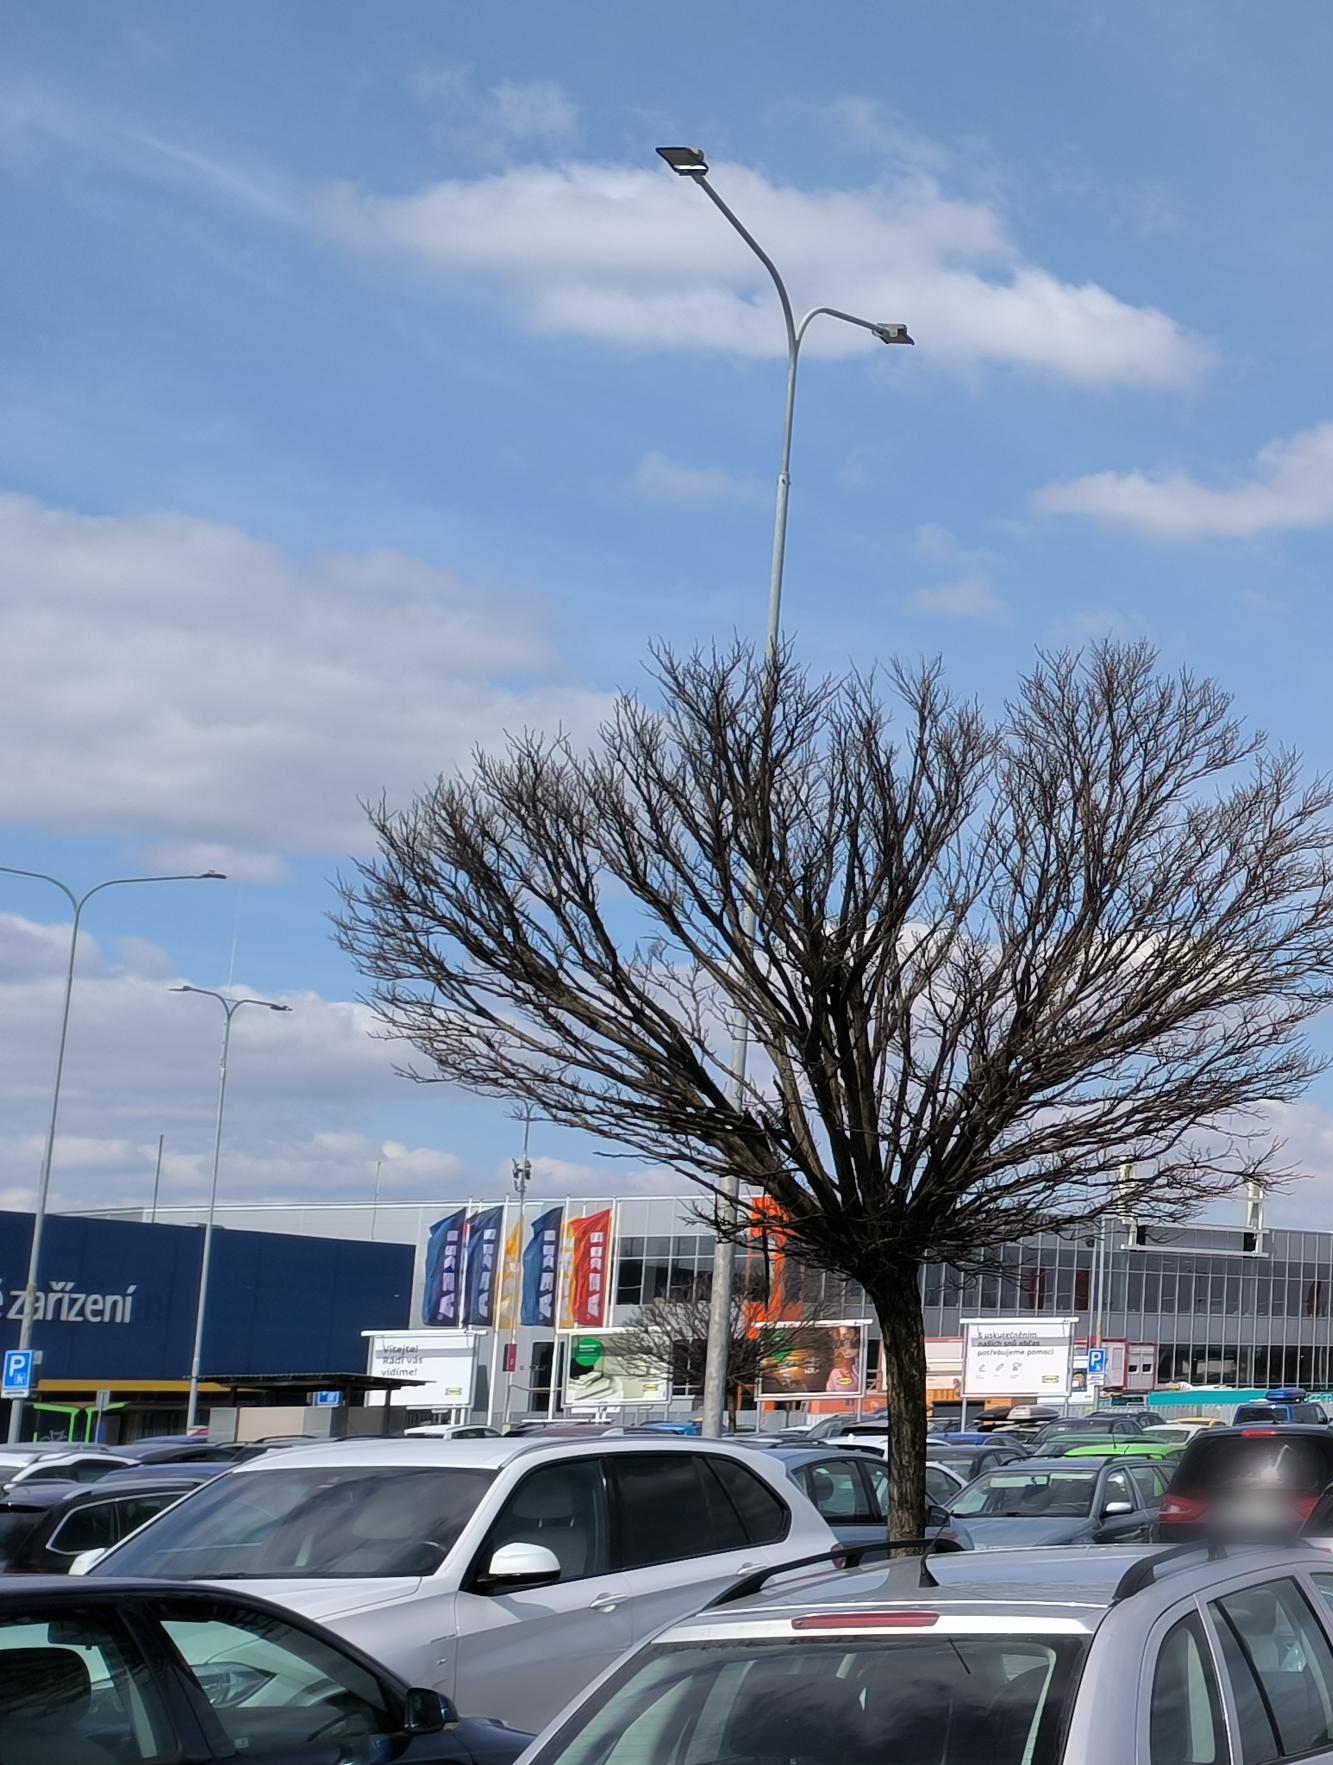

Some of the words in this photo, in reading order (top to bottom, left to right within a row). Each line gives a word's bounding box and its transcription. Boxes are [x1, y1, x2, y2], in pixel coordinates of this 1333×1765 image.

[7, 1281, 137, 1323] zařízení
[9, 1355, 25, 1377] P
[1091, 1352, 1101, 1366] P
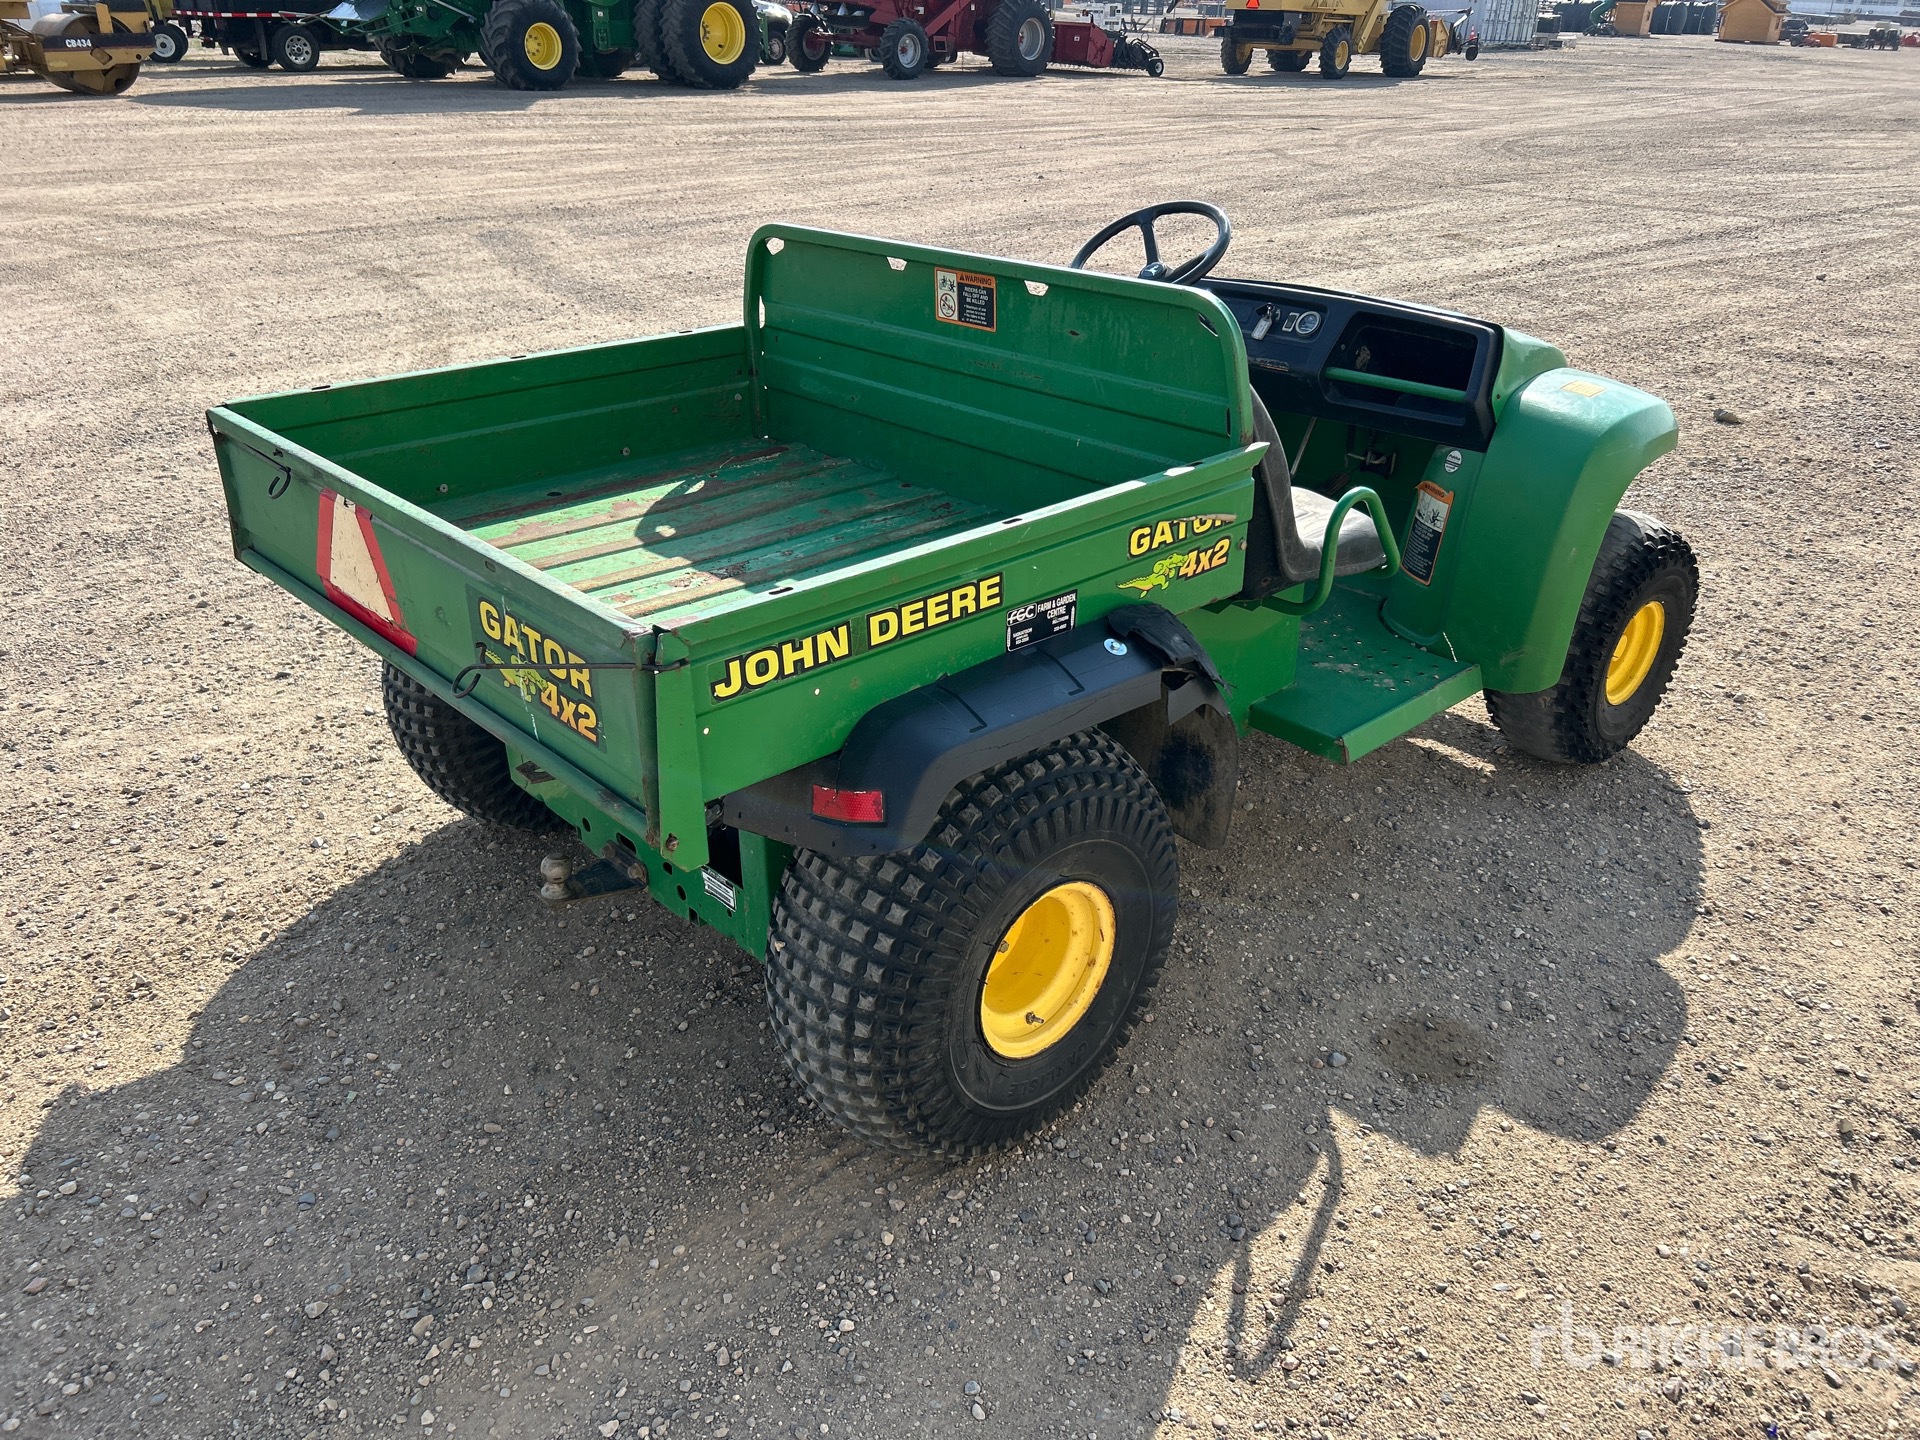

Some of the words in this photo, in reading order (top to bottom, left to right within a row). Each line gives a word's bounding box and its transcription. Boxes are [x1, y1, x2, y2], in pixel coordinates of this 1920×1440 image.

[65, 39, 92, 48] CB434
[964, 274, 992, 286] WARNING
[972, 298, 985, 306] KILLED
[1037, 601, 1052, 613] FARM
[1056, 593, 1076, 606] GARDEN
[1047, 605, 1067, 619] CENTRE
[713, 623, 849, 699] JOHN
[869, 573, 1001, 647] DEERE
[479, 600, 592, 698] GATOR
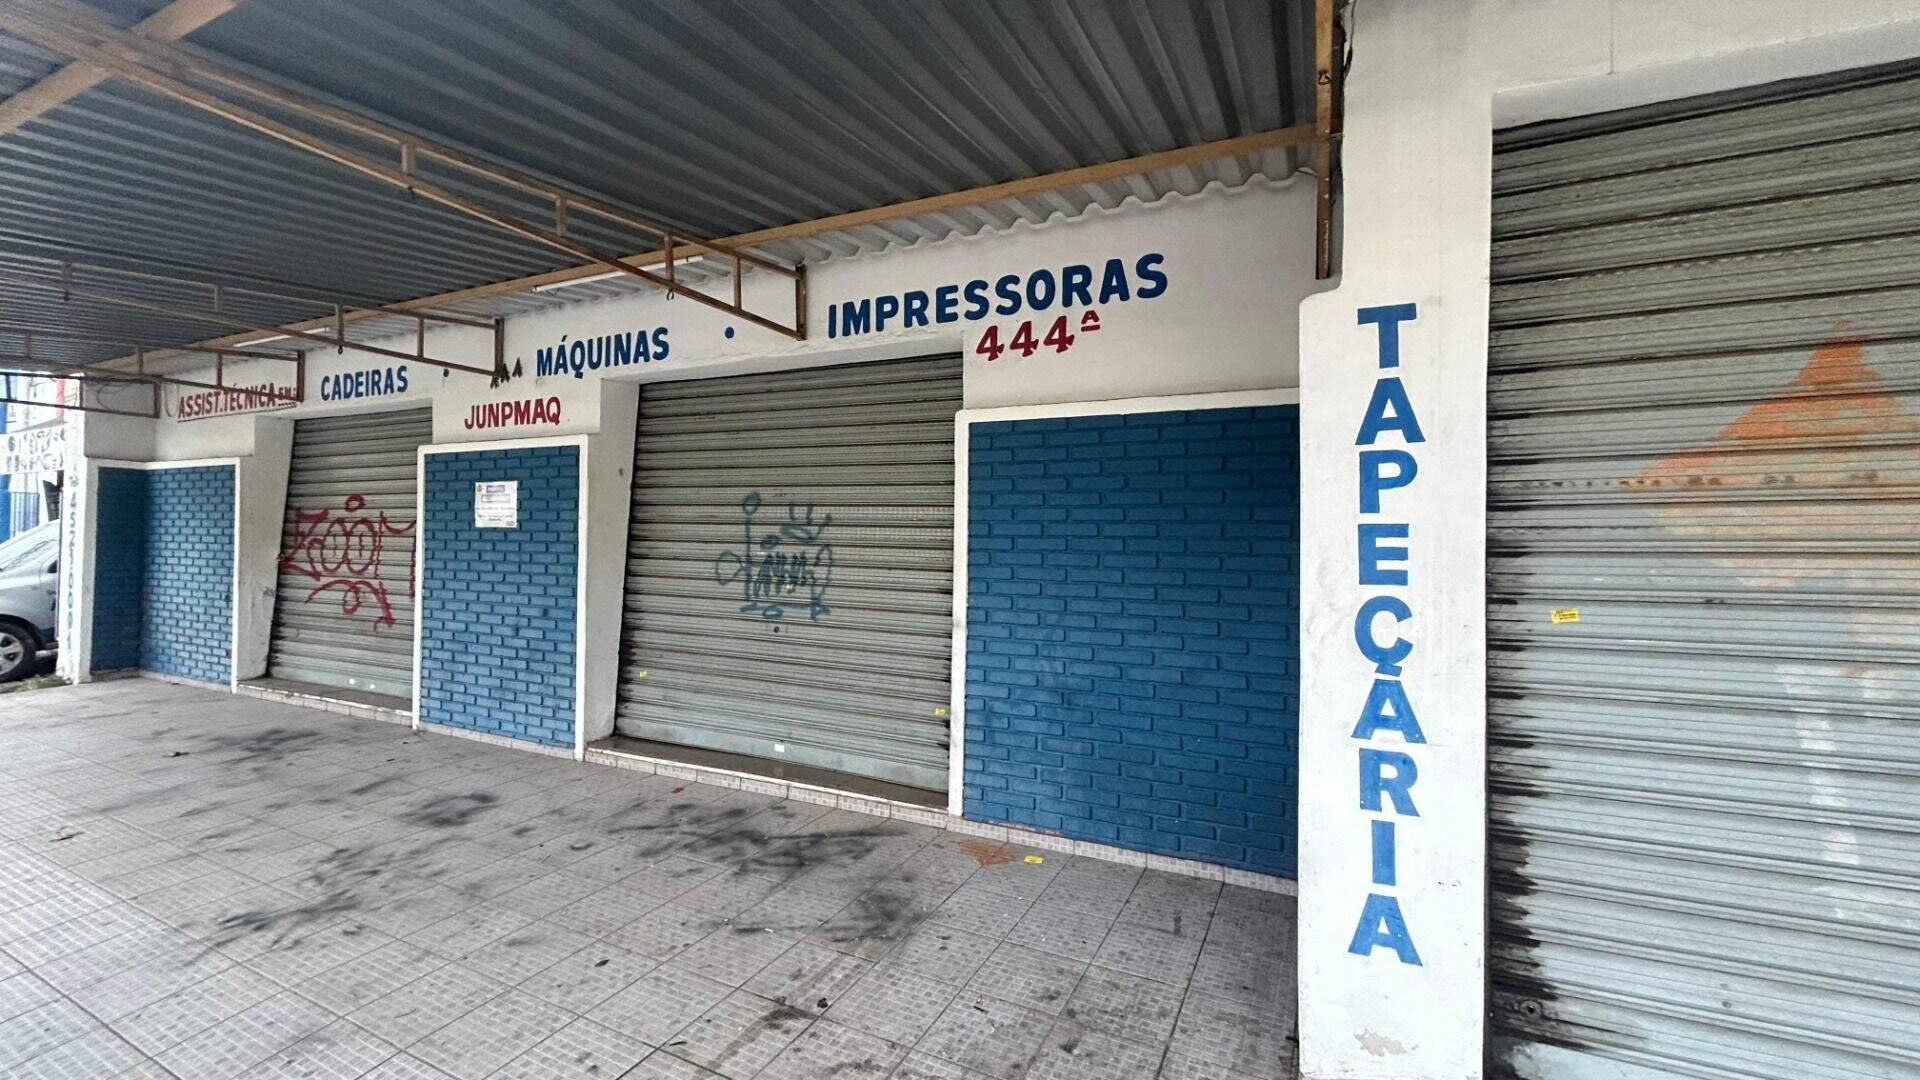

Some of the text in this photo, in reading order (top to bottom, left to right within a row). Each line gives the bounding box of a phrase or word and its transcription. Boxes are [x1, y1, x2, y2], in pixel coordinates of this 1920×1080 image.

+ + + + + + +

→ WHAT THIS TASK INVOLVES:
When repeating the entries, leave out every picture and keep the rest exact.

→ OUTPUT OF THE EXERCISE:
Some of the words in this photo, in reading order (top to bottom, left to right within a row). Each line gives a word's bounding box and its transcription. Boxes are [x1, y1, x2, y2], in pixel coordinates of this 1333×1765 image.

[7, 1281, 137, 1323] zařízení
[9, 1355, 25, 1377] P
[1091, 1352, 1101, 1366] P

Some of the words in this photo, in reading order (top to bottom, left to right within a row). Each line gives a word's bounding box and its transcription. Boxes are [x1, y1, x2, y2], in pixel coordinates of this 1920×1440 image.

[65, 39, 92, 48] CB434
[964, 274, 992, 286] WARNING
[972, 298, 985, 306] KILLED
[1037, 601, 1052, 613] FARM
[1056, 593, 1076, 606] GARDEN
[1047, 605, 1067, 619] CENTRE
[713, 623, 849, 699] JOHN
[869, 573, 1001, 647] DEERE
[479, 600, 592, 698] GATOR

Some of the text in this photo, in reading order (top to bottom, left to right within a row). Each line gives the bounding box of a phrase or word and its transcription. Boxes are [x1, y1, x2, y2], in pixel coordinates of this 1920×1080 image.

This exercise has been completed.